Micron Technology's 85% gross margin on $41.5 billion in quarterly revenue — more than quadruple a year earlier — exposes a structural shift in AI hardware economics that leaves Apple's 47% margin and 32x multiple looking stretched by comparison.
"These results reflect the strategic value of memory in the AI era," Chief Executive Officer Sanjay Mehrotra said, pointing to multi-year strategic customer agreements that lock in pricing through 2030.
Micron's non-GAAP earnings per share hit $25.11, up from a fraction of that a year ago, as data center revenue surged to $25 billion. The company guided fiscal fourth-quarter revenue to about $50 billion and adjusted EPS of roughly $31, implying gross margin approaching 86%. Apple, by contrast, posted $111.2 billion in March-quarter revenue — up 17% — but pushed through price increases of 15% to 54% on MacBooks and iPads to protect margins from memory cost inflation.
The divergence matters because Micron trades at 7 times forward earnings against consensus estimates of $149.64 per share for fiscal 2027, while Apple commands 32 times earnings with slower growth.
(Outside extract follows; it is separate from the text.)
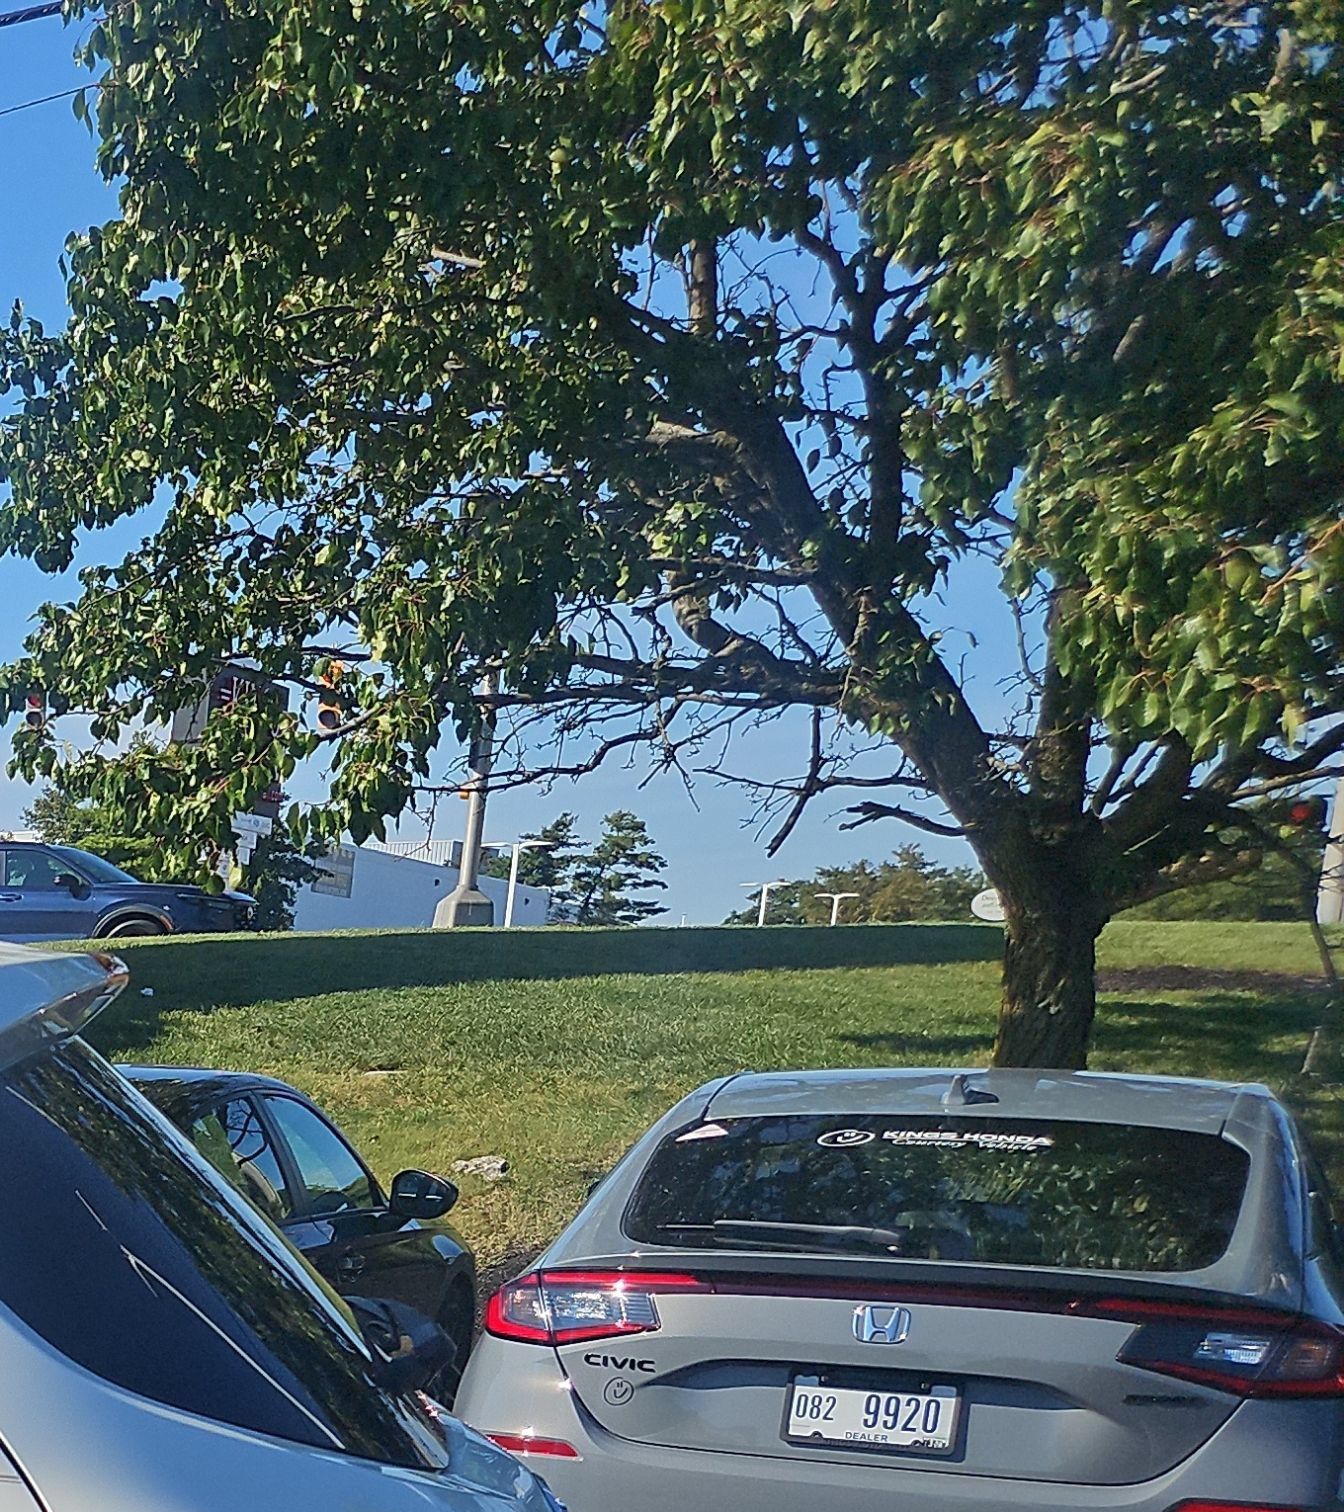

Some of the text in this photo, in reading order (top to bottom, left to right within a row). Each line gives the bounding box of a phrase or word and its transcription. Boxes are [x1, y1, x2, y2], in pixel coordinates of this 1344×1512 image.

[882, 1130, 1054, 1146] KINGS HONDA
[583, 1353, 657, 1374] CIVIC
[795, 1393, 941, 1434] 082 9920
[844, 1431, 889, 1443] DEALER
The question is whether Micron's capital spending — a projected $40 billion annual run rate by fiscal 2027 — will consume the cash flow that record margins are generating.
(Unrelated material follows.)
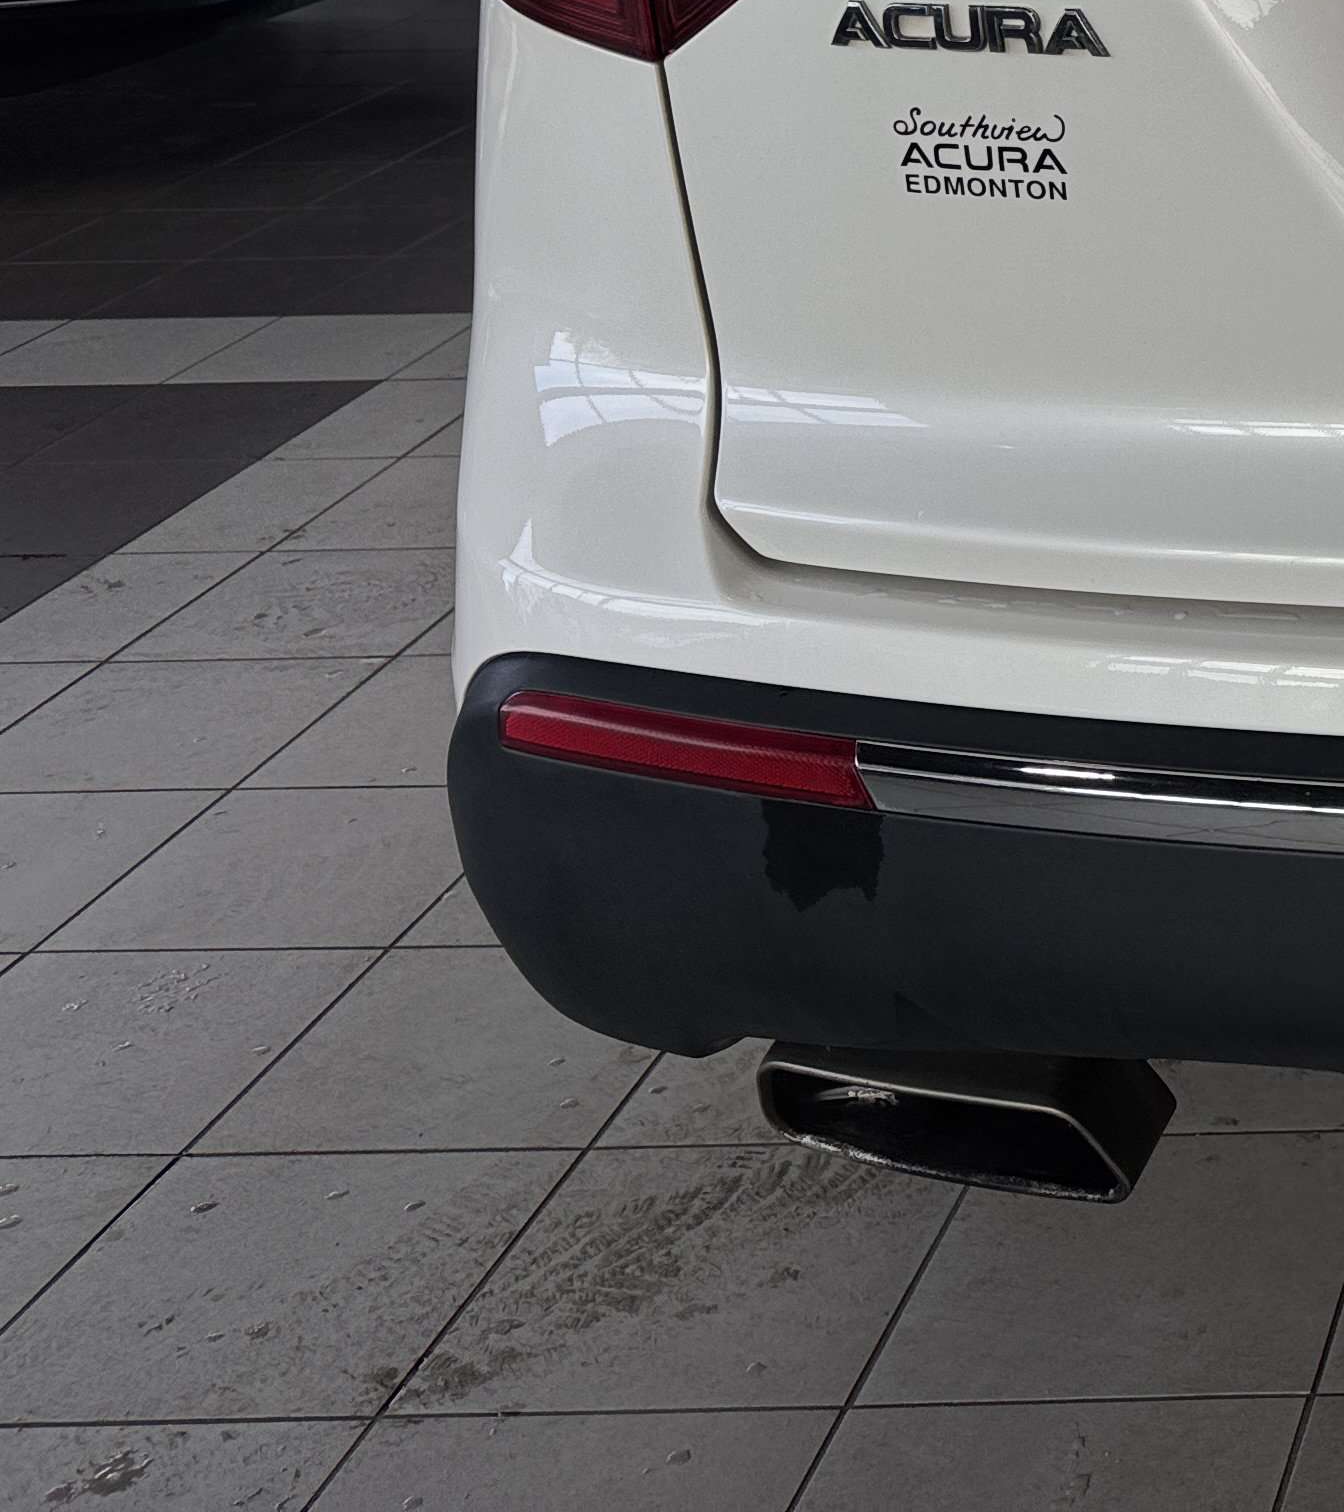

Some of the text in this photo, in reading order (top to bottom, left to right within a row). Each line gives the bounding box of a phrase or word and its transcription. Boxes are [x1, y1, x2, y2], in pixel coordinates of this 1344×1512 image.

[831, 0, 1111, 57] ACURA
[893, 107, 1066, 143] Southview
[900, 142, 1067, 174] ACURA
[905, 174, 1067, 200] EDMONTON
The comparison cuts to the heart of the AI hardware trade. Micron is one of only three companies worldwide producing high-bandwidth memory at scale, and demand from hyperscalers has far outpaced supply. The company has signed 16 strategic customer agreements covering about 20% of DRAM volume and a third of NAND output, with $22 billion in customer deposits and $100 billion in remaining performance obligations. Those contracts, structured as take-or-pay agreements with fixed price floors, transform Micron from a cyclical commodity supplier into something closer to an infrastructure toll collector.
Apple sits on the other side of that equation. The iPhone maker's $57 billion in March-quarter iPhone revenue and record $31 billion in services revenue demonstrate resilience, but the company is absorbing memory cost inflation rather than dictating terms. Its 15% to 54% price hikes on MacBooks and iPads signal that component costs are squeezing even the world's most valuable company.
The Capex Question
Micron's capital intensity is the central risk. Net capital expenditure reached $7.1 billion in the fiscal third quarter, with management targeting $10 billion in the current period. The full-year fiscal 2026 budget stands at $27 billion, and the trajectory points to a $40 billion annual run rate by fiscal 2027 as the company builds new fabs in Idaho, New York, and Taiwan. That spending is necessary to maintain its position in HBM4 and next-generation DRAM, but it consumes a significant portion of the record operating income.
Chief Executive Officer Mehrotra sold 94,078 shares into the rally, a signal that even insiders recognize the tension between peak earnings and peak capital demands.
For investors weighing the two stocks, the math favors Micron on a growth-adjusted basis. Consensus estimates project Micron's earnings will more than double to $149.64 per share by fiscal 2027, while Apple's growth is expected in the low to mid-teens. Even if Micron's earnings contract by half in a downturn — a realistic scenario given memory's history — the stock at 7 times earnings offers a wider margin of safety than Apple at 32 times. The risk is timing: Micron's $40 billion capex cycle means free cash flow may lag reported earnings for several quarters, testing investor patience before the payoff arrives.
This article is for informational purposes only and does not constitute investment advice.